The cash impacts from changes in working capital was $(0.3) billion for the six months ended June 30, 2026, a decrease in cash used of $0.2 billion compared to 2025, due to: current receivables of $0.5 billion, driven by higher collections primarily in CES, including increased collections from CFM International, partially offset by higher volume; inventories, including deferred inventory, of $0.8 billion, driven by higher output and lower tariffs, partially offset by higher material input. These decreases were partially offset by current contract assets, contract liabilities and current deferred income of $(0.4) billion, driven by higher revenue recognition and a lower unfavorable change in estimated profitability on long-term service agreements, primarily driven by the absence of charges, including a $0.1 billion reversal of a majority of the tariff-related charge from the first quarter of 2025, partially offset by higher billing and accounts payable of $(0.6) billion, driven by higher disbursements partially offset by higher volume. Progress collections were flat.
The components of All other operating activities included:
| | | | | | | | | |
| Six months ended June 30 | 2026 | 2025 |
| | | |
| Increase (decrease) in employee benefit liabilities | $ | (487) | | $ | (293) | |
| Net restructuring and other charges/(cash expenditures) | (11) | | (28) | |
| | | |
| | | |
| Other deferred assets | (145) | | 11 | |
| Other | (15) | | (107) | |
| All other operating activities | $ | (658) | | $ | (417) | |
Cash used for investing activities was $(1.9) billion for the six months ended June 30, 2026, an increase of $0.9 billion compared to 2025, primarily due to: purchases of time deposits with maturities greater than three months of $1.0 billion (a component of all other investing activities), higher net purchases of insurance investment securities of $0.4 billion, partially offset by lower cash paid for business acquisitions of $0.4 billion. Cash used for additions to property, plant and equipment and internal-use software net of dispositions (components of free cash flow*) was $0.6 billion and $0.5 billion for the six months ended June 30, 2026 and 2025, respectively.

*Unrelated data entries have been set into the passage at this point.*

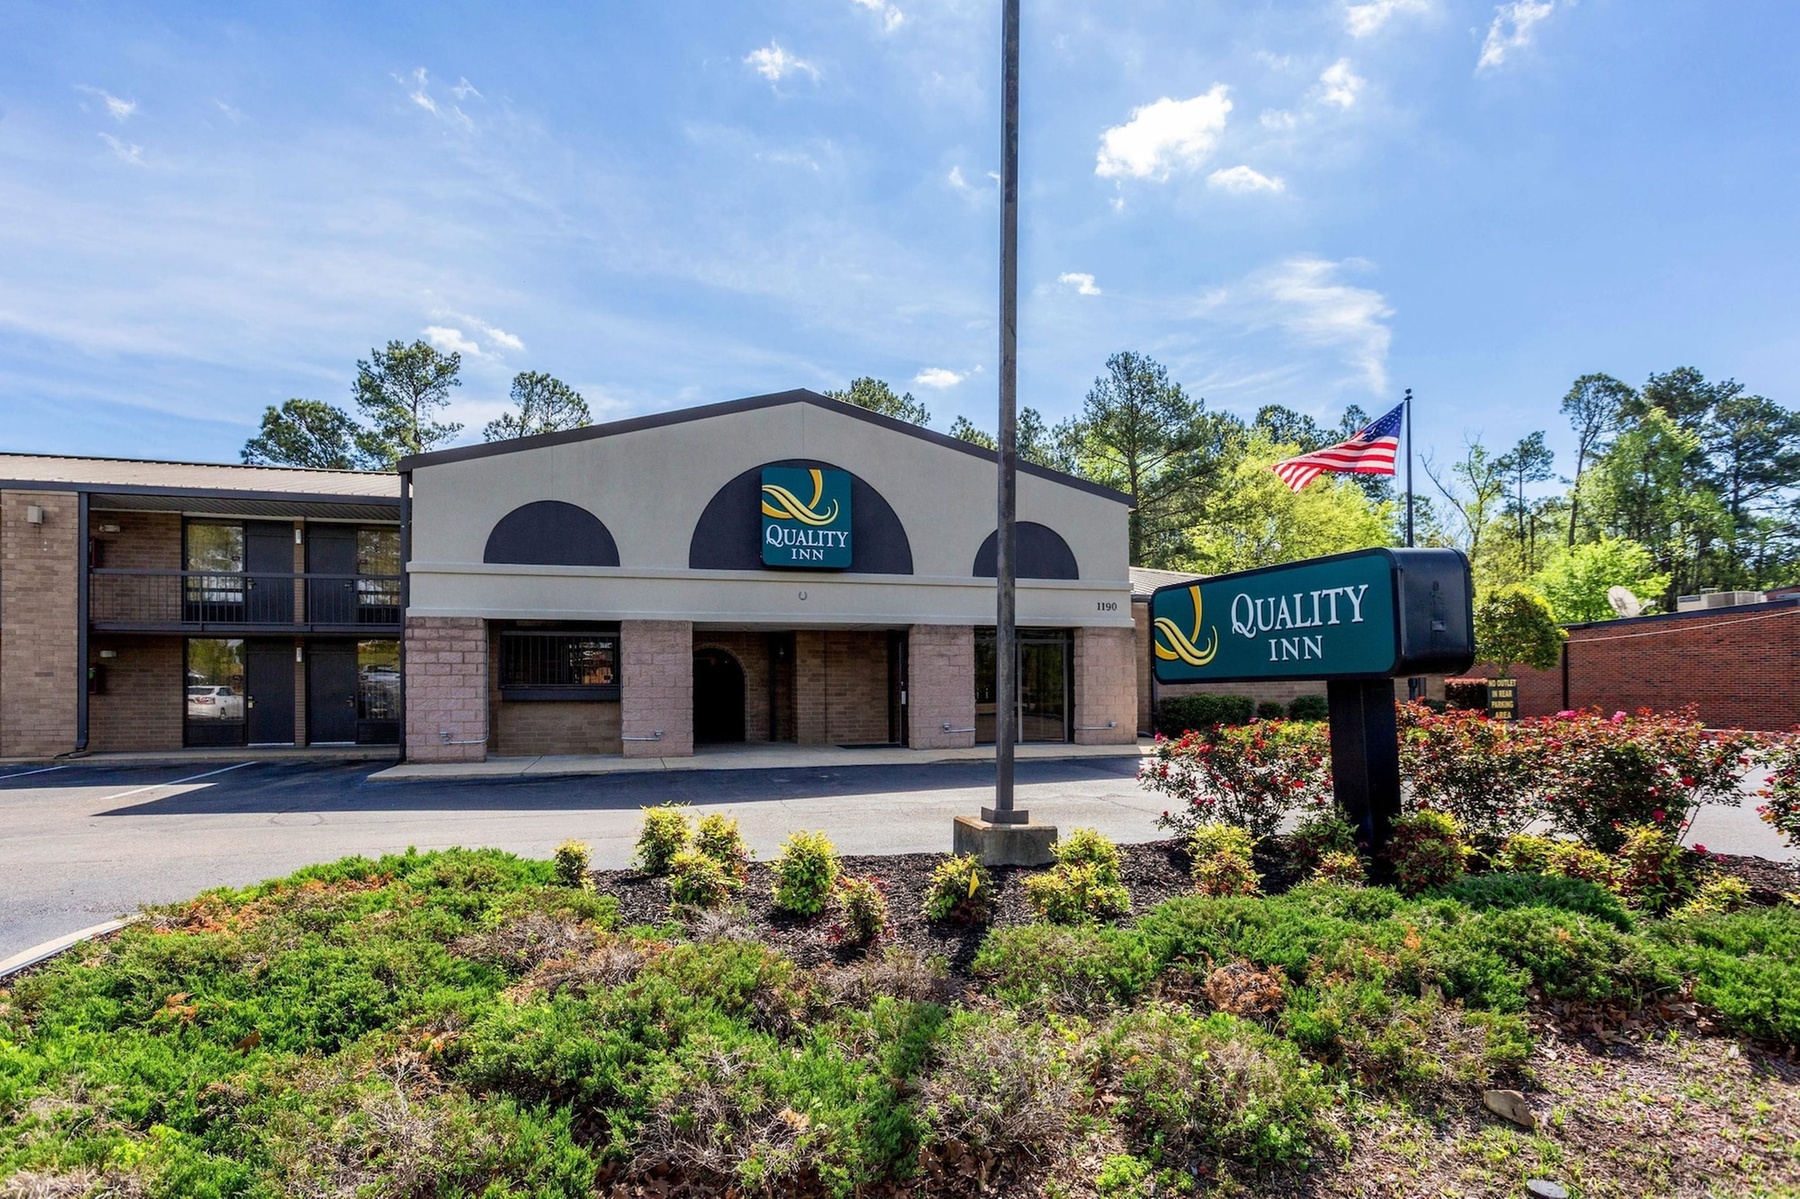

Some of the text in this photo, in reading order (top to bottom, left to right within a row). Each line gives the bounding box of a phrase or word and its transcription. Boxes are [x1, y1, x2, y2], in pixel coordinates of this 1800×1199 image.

[766, 524, 848, 547] QUALITY
[791, 548, 824, 560] INN
[1097, 602, 1117, 611] 1190
[1231, 584, 1369, 638] QUALITY
[1269, 635, 1323, 662] INN
[1497, 679, 1516, 687] OUTLET

Cash used for financing activities was $(6.4) billion for the six months ended June 30, 2026, an increase of $0.9 billion compared to 2025, primarily due to: an increase in treasury stock repurchases of $0.8 billion and higher dividends paid to shareholders of $0.2 billion, partially offset by lower debt maturities of $0.2 billion.

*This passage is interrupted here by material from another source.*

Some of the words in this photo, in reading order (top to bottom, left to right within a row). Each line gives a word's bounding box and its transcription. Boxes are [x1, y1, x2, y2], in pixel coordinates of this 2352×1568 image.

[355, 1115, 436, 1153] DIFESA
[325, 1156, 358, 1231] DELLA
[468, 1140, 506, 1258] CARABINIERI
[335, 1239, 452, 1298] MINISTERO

CRITICAL ACCOUNTING ESTIMATES. Please refer to the Critical Accounting Estimates and Other Items sections within MD&A and Note 1 to the consolidated financial statements of our Annual Report on Form 10-K for the year ended December 31, 2025 for a discussion of our accounting policies and critical accounting estimates.
*Non-GAAP Financial Measure
OTHER ITEMS
NEW ACCOUNTING STANDARDS. In November 2024, the Financial Accounting Standards Board (FASB) issued Accounting Standards Update (ASU) No. 2024-03, Income Statement—Reporting Comprehensive Income—Expense Disaggregation Disclosures (Subtopic 220-40). The amendments increase disclosure requirements primarily through enhanced disclosures about types of expenses (including purchases of inventory, employee compensation, depreciation, and amortization) in commonly presented expense captions. The ASU is effective for fiscal years beginning after December 15, 2026, and is required to be applied prospectively with the option for retrospective application. We are currently evaluating the impact that this guidance will have on the disclosures within our consolidated financial statements.

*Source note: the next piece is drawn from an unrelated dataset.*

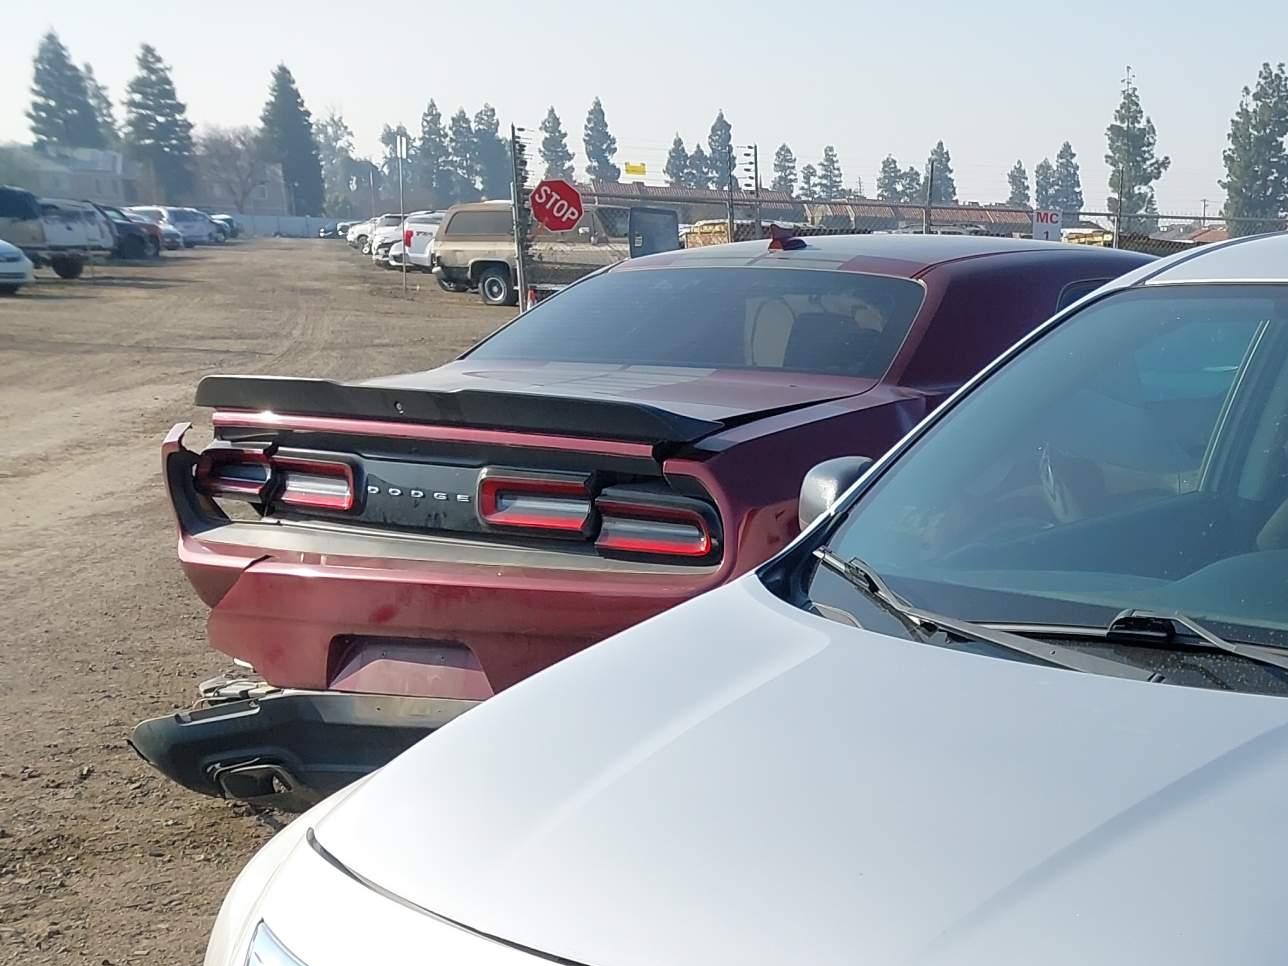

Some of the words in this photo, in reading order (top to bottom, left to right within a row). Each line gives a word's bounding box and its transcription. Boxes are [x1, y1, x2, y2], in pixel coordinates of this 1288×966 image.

In December 2025, the FASB issued ASU No. 2025-10, Government Grants (Topic 832): Accounting for Government Grants Received by Business Entities. The amendment establishes a framework for the recognition, measurement, and presentation of government grants received by business entities. The ASU is effective for fiscal years beginning after December 15, 2028 with adoption permitted on a modified prospective, modified retrospective, or retrospective basis. We are currently evaluating the impact that this guidance will have on our consolidated financial statements.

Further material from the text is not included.